I think there's more assessment about what are the real paths forward. I think there's also more appetite in the commercial sector, [laughs], for a lot of these technologies. I think some lessons are around being clear about what timeline you're shooting for, um, with your capital. And being really considerate about is this an appropriate capital risk for the type of money you're investing?
Jason Jacobs: What is the overlap on the Venn diagram between the most impactful climate innovation and, fit with traditional venture capital?
Rachel Slaybaugh: You know, I think, I think it's growing. And this is where I'd be curious about your opinion since you've been sort of talking in this sector a lot more about how traditional venture sees it. Because I've spent a lot more time with people because of my job at ARPA-E and Cyclotron Road I know the climate investors a lot more, and I'm just now starting to build those relationships with the more general investors. And it, it seems like there's hesitance, and they're most interested in things that are poppy in the news that may not necessarily be the most impactful or the, or the best commercial returns. So I think there's still some education or some conversation to be had there. I think there's some, I think it's growing. And I think there's more collaboration to be done to increase that Venn diagram. [laughs]

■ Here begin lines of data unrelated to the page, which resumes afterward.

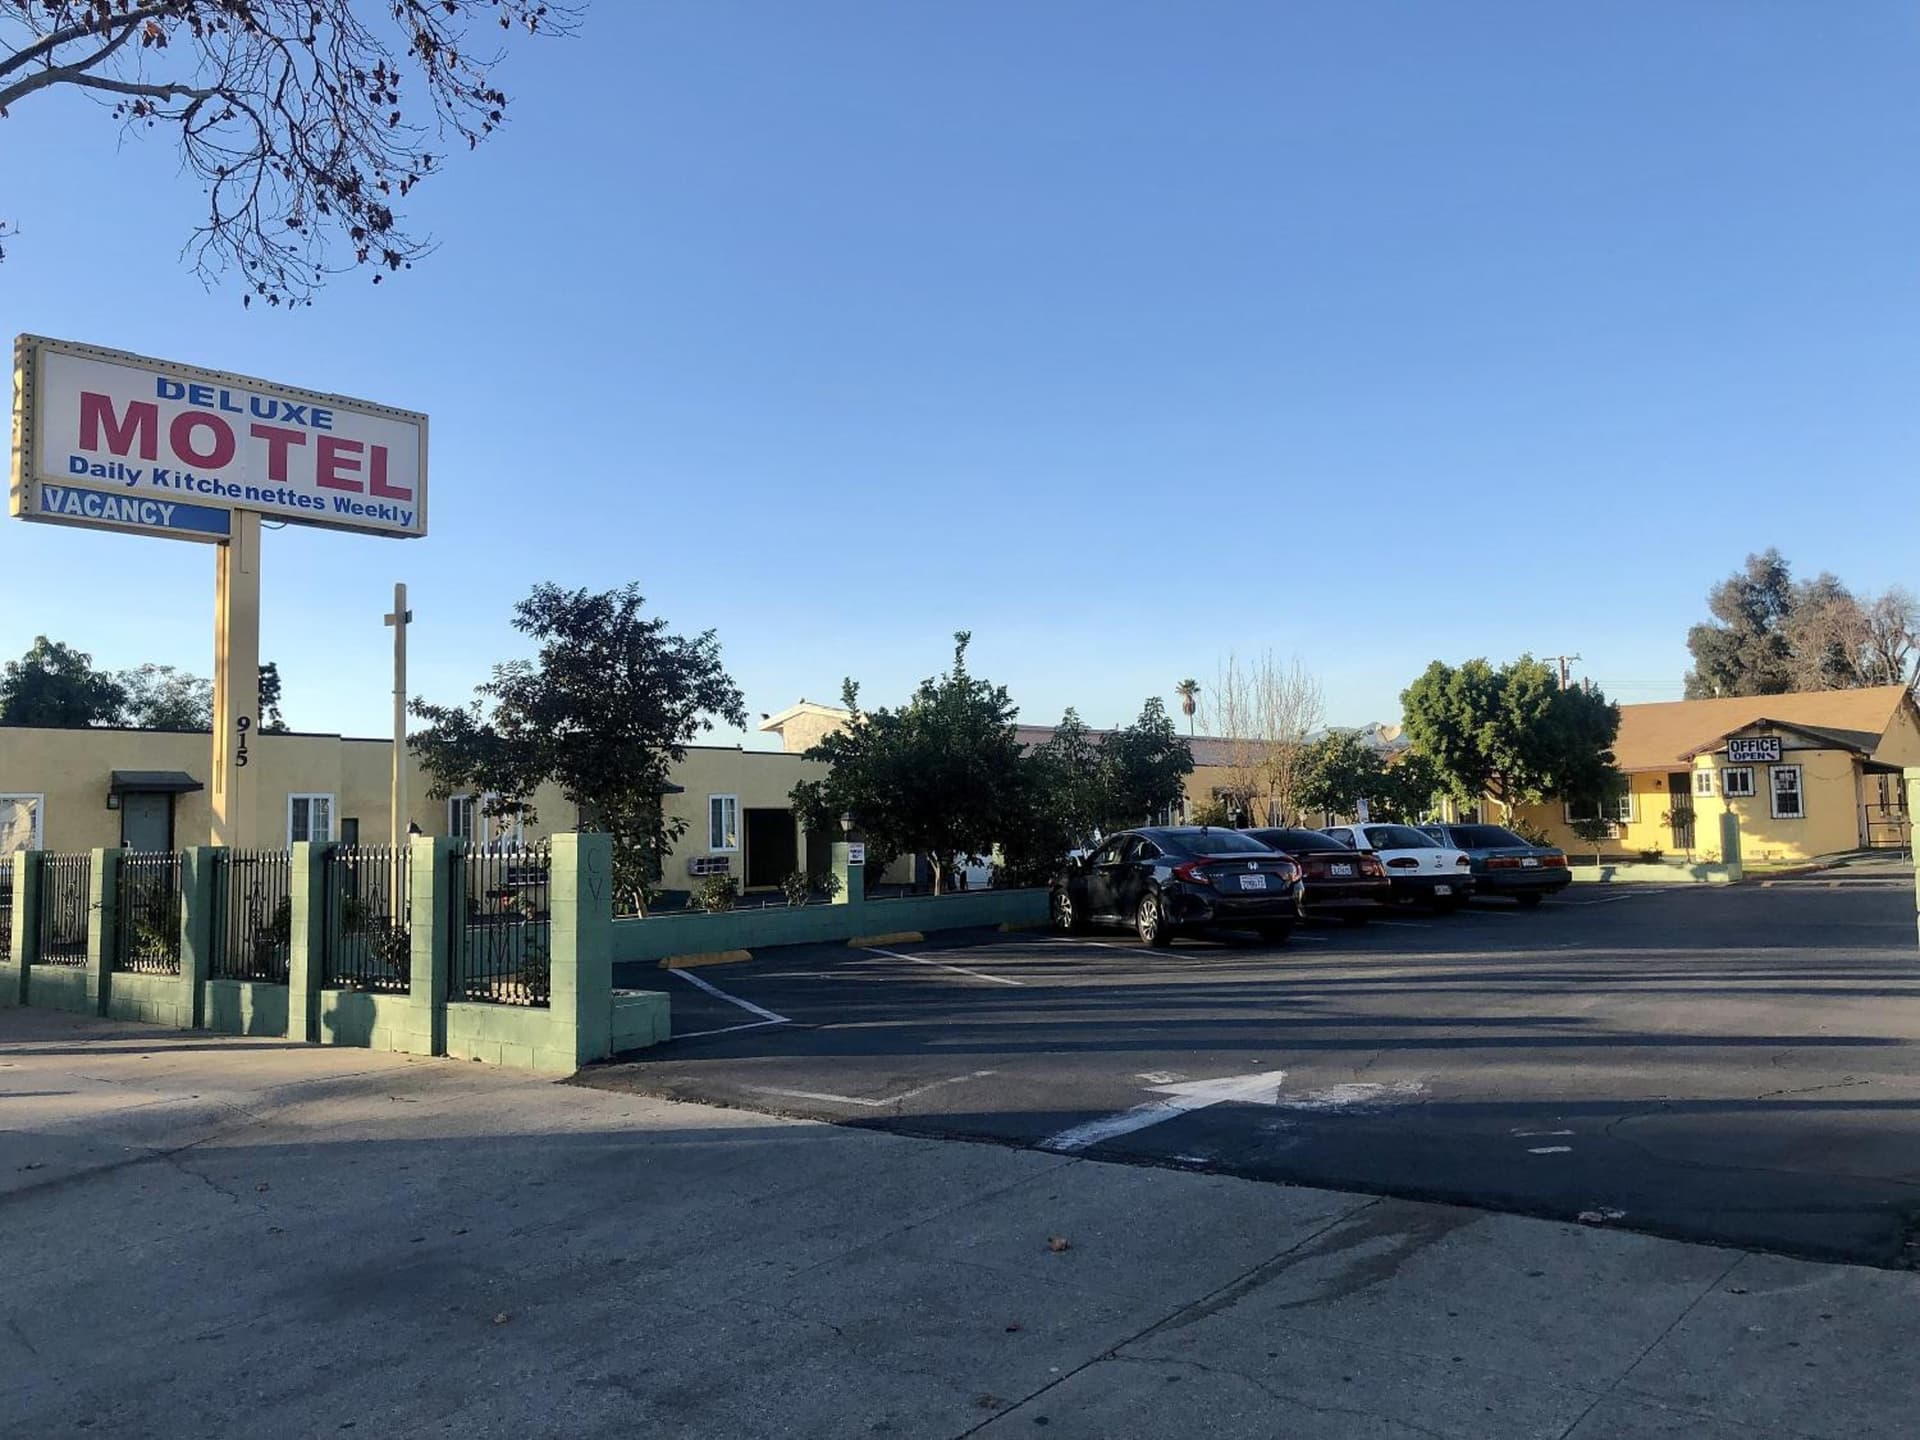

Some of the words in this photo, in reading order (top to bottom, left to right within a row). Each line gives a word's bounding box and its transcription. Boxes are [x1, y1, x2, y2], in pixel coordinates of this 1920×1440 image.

[156, 377, 334, 430] DELUXE
[79, 391, 412, 502] MOTEL
[45, 488, 176, 527] VACANCY
[69, 455, 143, 487] Daily
[152, 468, 325, 510] Kitchenettes
[333, 496, 413, 527] Weekly
[235, 716, 251, 767] 915
[1731, 739, 1778, 752] OFFICE
[1734, 752, 1765, 760] OPEN

Jason Jacobs: One reason I asked is that... I mean, you mentioned that ARPA-E is catalytic capital, for example. And there's, there's other examples of catalytic capital whether it's family office, or Cyclotron Road, or ActiveAide, or Prime Coalition, or, or... I guess, Azolla, that now their investing arm is called. But venture capital decidedly is not catalytic capital. It's, it's not their job, they're representing people's 401[k]s, their pensions, retirees. The capital needs to generate the best returns, that the fiduciary responsibility of the, of the limited partners that are, that are investing in these funds. And given that, how impactful can that capital be given that it, it sounds like the catalytic capital is where the action is from an impact standpoint? I- i- am I hearing that right?
Rachel Slaybaugh: I guess I don't agree with that, because impact investing and climate investing are not necessarily the same thing, right? So DCVC, deep tech their whole existence, climate tech all along the way. Expanding our focus in climate tech, we're not an impact investor, right? We are a making money back for our funds because the people who fund us are hospitals and pension funds, right? Like, we have to... Our job is to give them a big return on investment so that they can run their hospitals and fund those retirement accounts. Like, that's an imperative and we take it very seriously. And, there are lots of climate companies that are a good deal and will make lots of money and have made lots of money. And so I think part of why I'm so excited to be about DCVC is because our thesis is you can do good for the world in a traditional venture model, and in fact we should. That is the right way to do business. And I would say maybe to add on to that I love that that's our team. In pitches from climate companies, nobody has to explain to our team like why recycling plastics is important. Like, we know why it's important, we're more concerned about the details of your technology and the details of your business plan.
Jason Jacobs: When it comes to meeting your impact threshold to the extent that you have one, how do you know? Is there, is it more qualitative? Is it quantitative? BEV for example has a [inaudible 00:42:17] threshold. Um, ho- is there, what does the filter look like?
Rachel Slaybaugh: We don't have a, a numerical threshold like that in part... I mean, we are traditional venture capitalists, but in part, you know, we invest in a lot of early stage companies, and for us it feels like doing those calculations when a company changes and evolves so much, it's a little, it's speculative and unreliable so we don't want to over-force calculations and then the company changes and it... We don't use metrics like that. We use, "Is this going to be a good company? Is it doing good in the world? Is it working on a sector that matters?"
Jason Jacobs: Uh-huh. So like an LCA for, LCA for example, isn't as important given the stage?
Rachel Slaybaugh: That's right.
Jason Jacobs: What about risk? What types of risk are acceptable to take on? And wh- what types of risk, if any, do you steer clear of as a rule?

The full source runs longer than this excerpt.